Integrated Pathway Analysis. To better understand the differences of metabolic disorders between the erastin- treated cells and the controls, an integrated pathway analysis was carried out. MetaMapp is an R based script whose outputs are well compatible with the open-source platform CytoScape 23. It can be used to visualize metabolomics datasets that can conclude all identified compounds while maintaining the modular organization of metabolites in biochemical pathways 24. The metabolic relation network was generated through MetaMapp and drew by CytoScape (Fig. 5). The red lines represent the relationship between the two metabolites contained in KEGG. The blue lines represent the relationship between the two metabolites without contained in KEGG, but the related metabolites had a similar chemical structure, judged by PubChem. The diameter was corrected with the fold change value and t-test p value. The raw data is shown in Table S2.

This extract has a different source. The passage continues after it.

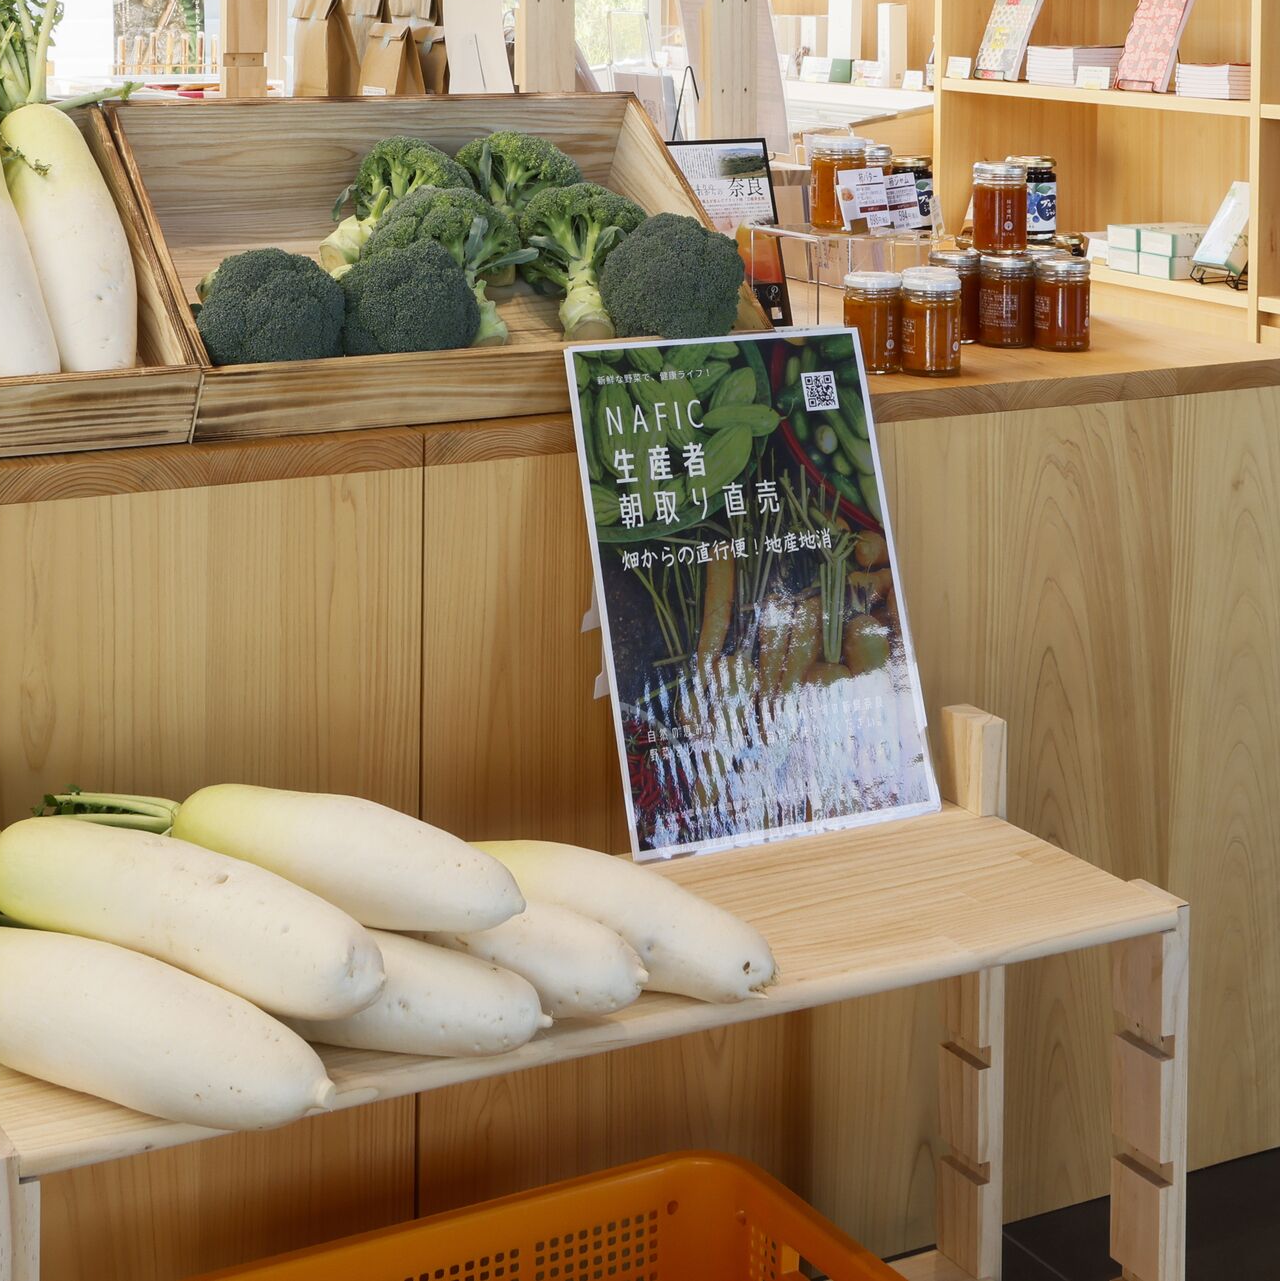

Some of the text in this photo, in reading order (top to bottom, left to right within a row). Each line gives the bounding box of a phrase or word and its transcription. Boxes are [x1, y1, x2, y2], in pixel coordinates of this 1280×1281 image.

Of the differential metabolites (p<0.05), 21% (18/87) and 43% (56/129) were up-regulated in erastin-treated cells at 6 h and 12 h, respectively. With the prolongation of drug action time, the up-regulated metabolites gradually increased. More than 90% of the differential metabolites were up-regulated in treated cells at 24 h or 48 h. As shown in Fig. 5(A), most of differential metabolites showed a decreasing trend in treated cells at 6 h. The metabolites with fold change values >3 were N6-methyladenosine, inosine, 6-O-methylguanosine, 1-methyladenosine, and carbamoyl phosphate. The metabolites with fold change values <0.3 were reduced glutathione, melatonin, dCMP, cyclic di-AMP and sorbose. As shown in Fig. 5(B), the metabolites with fold change values >3, including 5-methylthioadenosine, N6-methyladenosine, S-adenosyl-L-methionine, carbamoyl phosphate, glucose 1-phosphate, adenine, inosine, 6-O-methylguanosine, uridine and guanosine were mainly incorporated in nucleotide metabolism and glycolysis. The metabolites with fold change values < 0.3 were S-adenosyl-L-homocysteine, reduced glutathione, oxidized glutathione, dCMP, and melatonin. As shown in Figs. 5(C)~(D), most of the differential metabolites were up-regulated including amino acid metabolism, nucleotide metabolism, glycolysis and TCA cycle. Only a few metabolites with fold change values <0.3, including reduced glutathione, oxidized glutathione, S-adenosyl-L-homocysteine were mainly involved in cysteine and methionine metabolism and glutathione metabolism.